A. Breach of Contract

Until their dismissal on April 3, 1976, McKenna and Sullivan were employed by Heritage, a tax-exempt corporation engaged in public interest research. McKenna's duties as General Counsel of Heritage began on February 1, 1974, when he transferred from the Center for Public Interest, the predecessor of Heritage, at the request of a major donor. Sullivan's employment, in the capacity of Administrator and Funding Director, commenced on January 1, 1975, at a salary of $36,000 per annum. He moved from Boston to take the job, in reliance on a representation that the Heritage by-laws set an annual contract for all officers. According to Sullivan's deposition testimony,

[i]t was my understanding that I would remain at the Heritage Foundation until such time as I would either retire or for whatever reason, left on my own or if I were, in fact, to breach my contract with the Heritage Foundation, I suppose they'd have the right to terminate me.

Appellants contend that as officers and key employees of Heritage they were beneficiaries of annual contracts running from one Board of Trustees meeting to the next. (The annual meetings were held on March 15.)[3] This contract, they allege, was breached by their dismissal without cause.

In denying Heritage's motion for judgment on the pleadings against plaintiff Sullivan based on failure to set forth a factual basis for a contract, the trial court stated:

While there appears to be a serious question concerning the existence of a contract, if plaintiff is only relying on the by-laws and the applicable statute,[[4]] such *859 a reliance is not clear from the complaint.
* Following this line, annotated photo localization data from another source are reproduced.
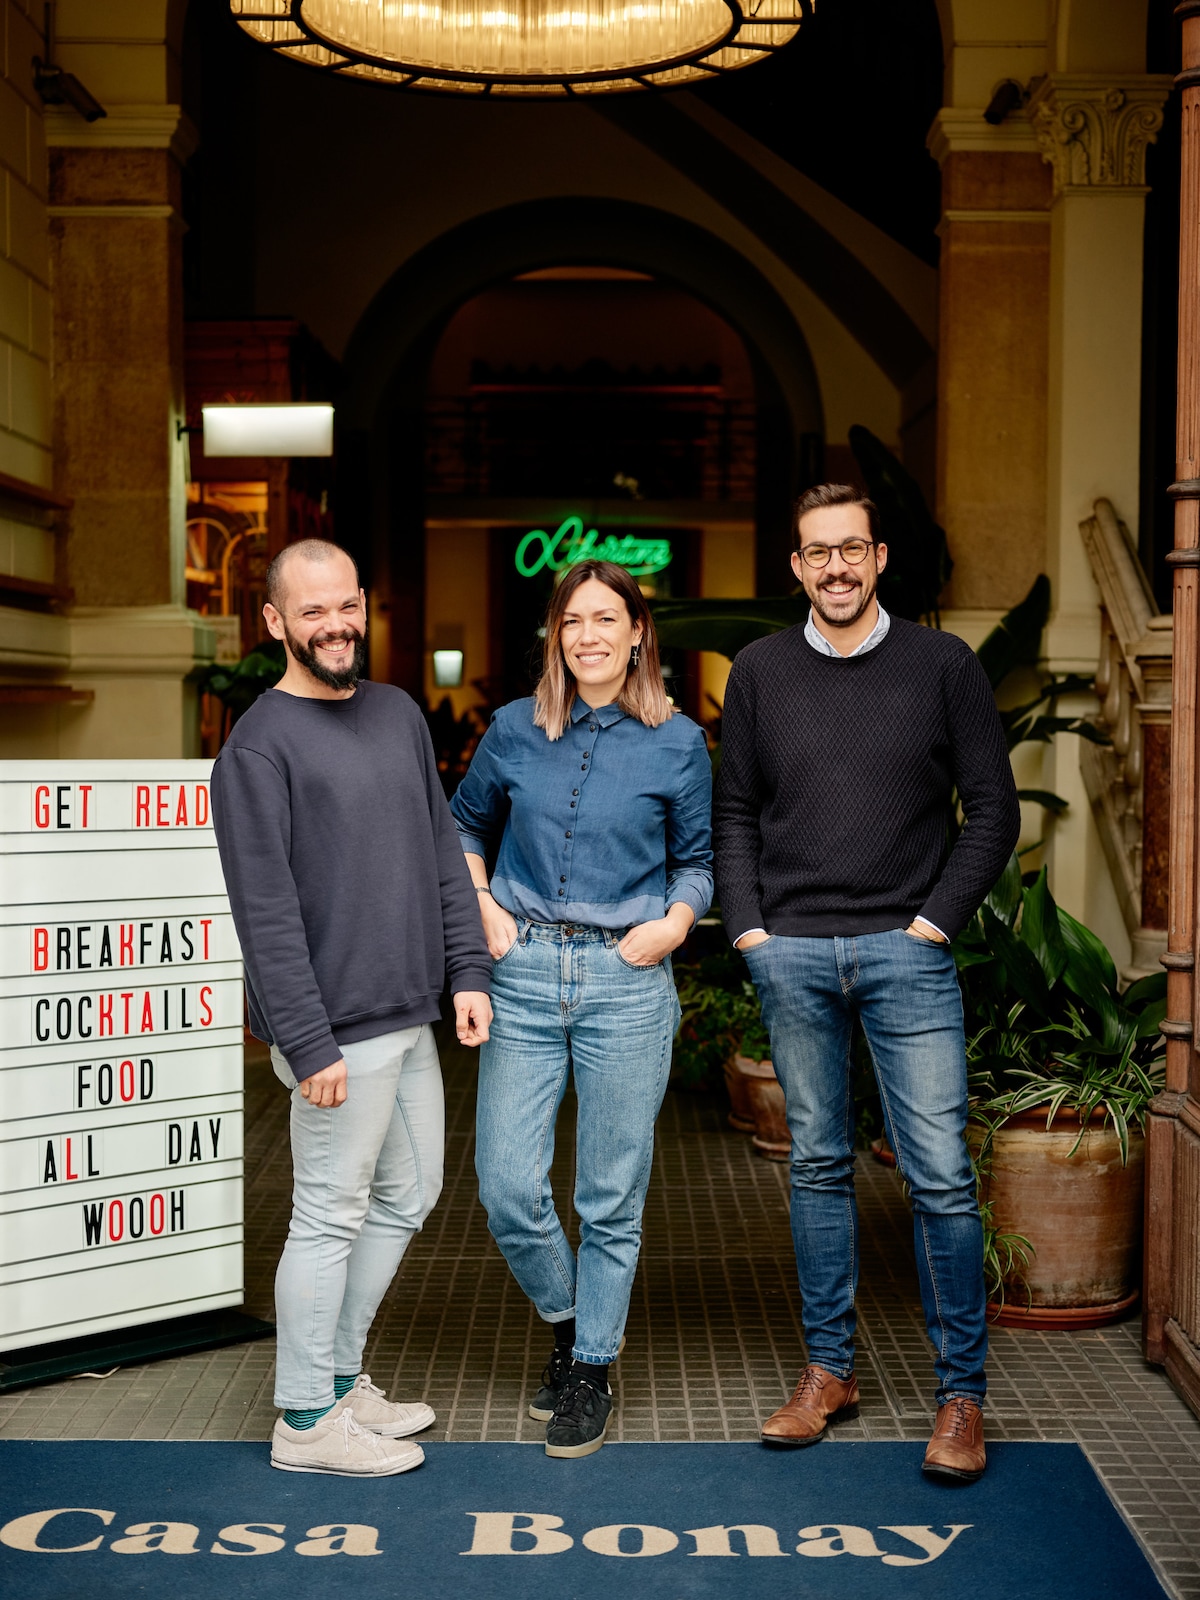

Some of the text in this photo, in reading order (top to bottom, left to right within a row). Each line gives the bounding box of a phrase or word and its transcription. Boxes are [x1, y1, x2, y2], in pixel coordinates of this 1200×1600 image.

[35, 784, 209, 829] GET READ
[33, 919, 213, 972] BREAKFAST
[35, 985, 214, 1042] COCKTAILS
[77, 1058, 154, 1108] FOOD
[43, 1117, 222, 1183] ALL DAY
[83, 1189, 185, 1247] WOOOH
[0, 1507, 976, 1568] Casa Bonay
The fact that the plaintiff cites the by-laws does not prevent him from relying upon a written or oral contract entered into by the Board pursuant to the authority granted in the by-laws .... It is certainly not clear from the complaint, that the plaintiff relies only on the statute and the by-laws.

After defendant's motion for summary judgment, however, the trial court concluded:

Subsequent discovery has made it clear that plaintiff does in fact rely solely upon the by-laws and the provisions of the D.C.Code and he admits that no written or oral contract for a fixed period of employment was ever entered into between him and the defendant.
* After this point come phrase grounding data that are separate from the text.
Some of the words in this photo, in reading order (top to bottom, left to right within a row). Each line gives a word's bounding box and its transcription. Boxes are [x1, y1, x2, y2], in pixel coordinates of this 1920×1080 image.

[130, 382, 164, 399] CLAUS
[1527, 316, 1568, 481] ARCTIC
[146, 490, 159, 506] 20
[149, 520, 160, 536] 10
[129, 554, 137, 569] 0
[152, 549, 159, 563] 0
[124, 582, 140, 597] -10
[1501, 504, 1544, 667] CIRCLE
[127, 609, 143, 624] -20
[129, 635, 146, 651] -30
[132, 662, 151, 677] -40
In reviewing a grant of summary judgment, it is our responsibility to determine whether there was any issue of fact pertinent to the ruling and, if not, whether the substantive law was correctly applied. See Super.Ct.Civ.R. 56; 6 J. Moore, Federal Practice and Procedure ¶ 56.27[1]. A summary judgment is appropriate only where no genuine issue of material fact exists. See, e. g., Bennett v. Kiggins, D.C.App., 377 A.2d 57, 59 (1977). Thus, to survive the summary judgment motion, plaintiffs need only show that "there is sufficient evidence supporting the claimed factual dispute to require a jury or judge to resolve the parties' differing versions of the truth at trial." International Underwriters, Inc. v. Boyle, D.C.App., 365 A.2d 779, 782-83 (1976).

Having admitted during discovery that no fixed-term oral or written contract existed, on appeal appellants rest their claims on implied contracts. They contend that the employment term of an implied contract is a question of fact for a jury and point to the by-laws, statute and other circumstances to support a finding of an implied annual contract.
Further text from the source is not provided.